Shah and Jacobs [16] reported their ten years’ experience in pediatric angioedema. In their series of 10 children, they reported that one child, who underwent dental surgery under general anesthesia, was prophylactically treated with fresh frozen plasma and danazol. She experienced no perioperative angioedema and was discharged from the hospital to home the same day. Recently Yazawa et al. [17] reported the prophylactic administration of C1-INH concentrate in an emergency laparotomy to a pediatric patient (8 years old) who was suspected of having HAE because of the family history. Considering the high mortality rate resulting from laryngeal edema triggered by intubation, the patient’s mother and maternal grandmother had been diagnosed with HAE. They decided to treat the patient as an HAE suspect because of the family history and the autosomal dominant form of interitance. They administered 500 U C1-INH concentrate prophylactically before the surgery, they also repeated 500 U of C1-INH concentrate in the postoperative pediatric ward. However, the authors did not report any information about premedication for anxiolysis and postoperative pain therapy. In our case, we gave special attention for sedation preoperatively and postoperative pain control since stress can also trigger angioedema [1].
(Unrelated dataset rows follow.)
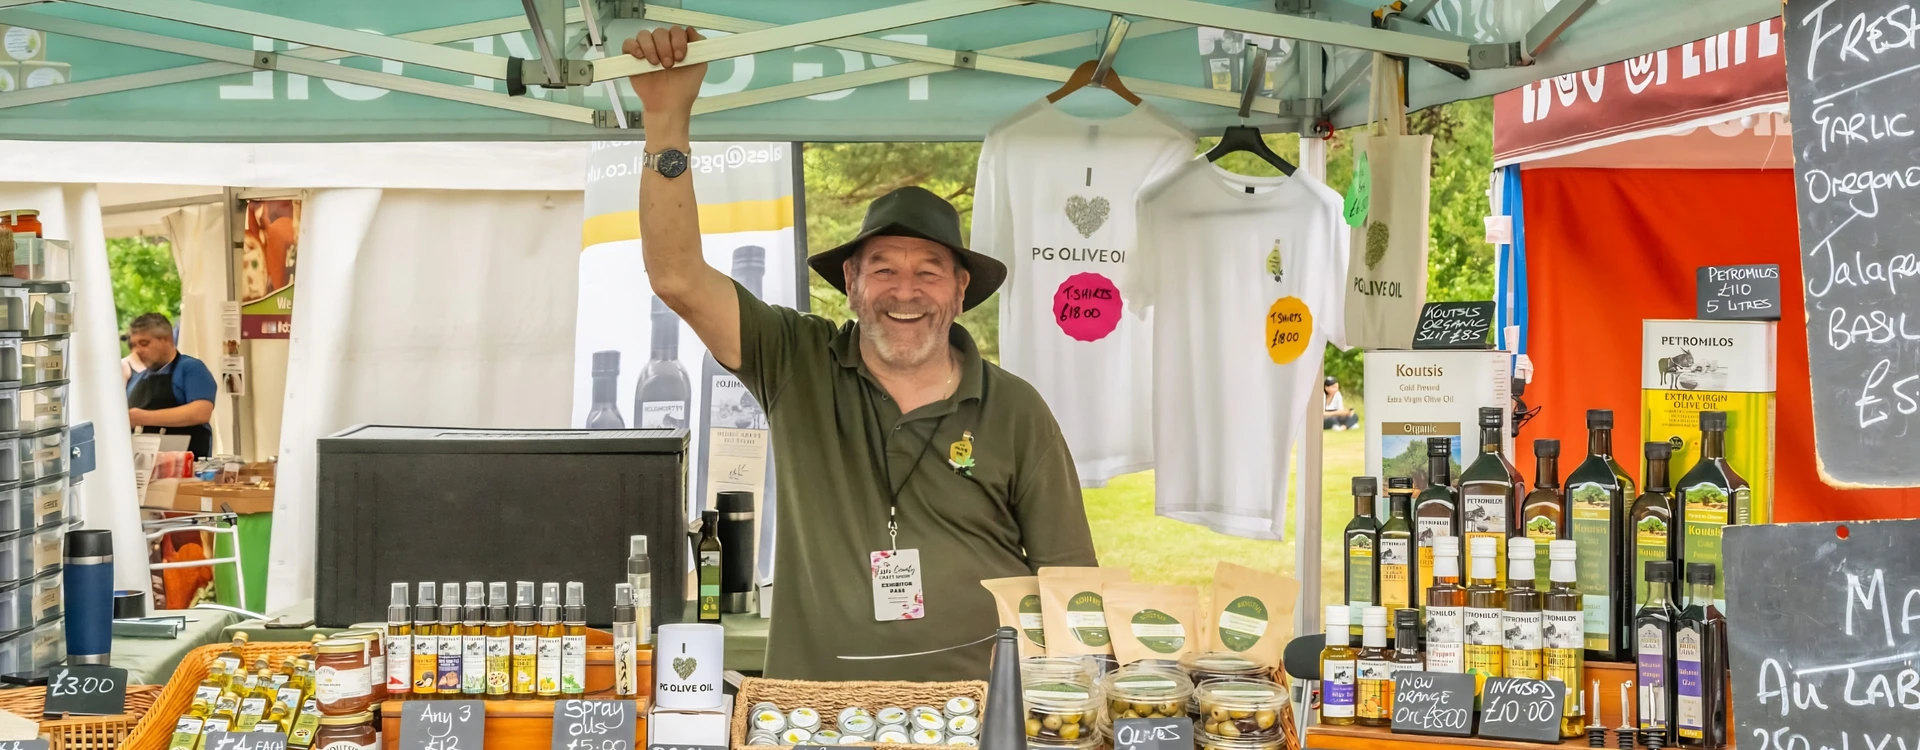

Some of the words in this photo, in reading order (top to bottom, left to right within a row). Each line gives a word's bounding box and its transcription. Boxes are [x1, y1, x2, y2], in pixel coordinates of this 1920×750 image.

[1812, 103, 1915, 152] GARLIC
[1032, 247, 1054, 261] PG
[1058, 248, 1109, 263] OLIVE
[1110, 250, 1126, 263] OI
[1708, 266, 1779, 283] PETROMILOS
[1388, 281, 1402, 298] OIL
[1717, 282, 1752, 298] £110
[1706, 300, 1720, 313] 5
[1728, 299, 1773, 311] LITRES
[1422, 319, 1488, 331] ORGANIC
[1828, 306, 1920, 351] BASIL
[1661, 335, 1734, 348] PETROMILOS
[1396, 364, 1444, 378] Koutsis
[1399, 383, 1415, 392] Cold
[1664, 392, 1694, 402] EXTRA
[1697, 394, 1728, 403] VIRGIN
[1673, 401, 1700, 410] OLIVE
[1702, 402, 1718, 411] OIL
[1403, 423, 1437, 435] Organic
[50, 668, 114, 697] £3.00
[670, 684, 697, 693] OLIVE
[700, 683, 713, 692] OIL
[1397, 691, 1453, 704] ORANGE
[564, 699, 624, 729] Spray
[1485, 696, 1555, 723] £10.00
[420, 703, 452, 738] Any
[459, 704, 471, 722] 3
Preoperative assessment is crucial to prevent life-threating complications associated with HAE. Clinical symptoms, family history and laboratory studies of complement and C1-INH are all important for the diagnosis of HAE. Clinical presentations in combination with a positive family history should raise suspicions regarding HAE [15]. However, 25% of HAE is the result of spontaneous mutation and a novel mutation may explain cases of angioedema with no family history [11,18].

HAE is a rare disorder, and the attacks are seen during childhood in most patients. Since HAE may also result from spontaneous mutation, detailed history taking is crucial to recognize the symptoms suggesting HAE. With awareness of the possibility of HAE in pediatric population, appropriate perioperative management can be planned including minimization of trauma and emotional stress as well as prophylactic measures.

It was the first time that a pediatric patient diagnosed with HAE was operated for bladder tumor in our urology department. Surgery was a success with appropriate evaluation and anesthetic management. We presented this case to emphasize the importance of a careful history during pre-anesthesia assessment. We concluded that a multidisciplinary and aggressive anesthesiological approach yields successful results in a patient diagnosed with hereditary angioedema.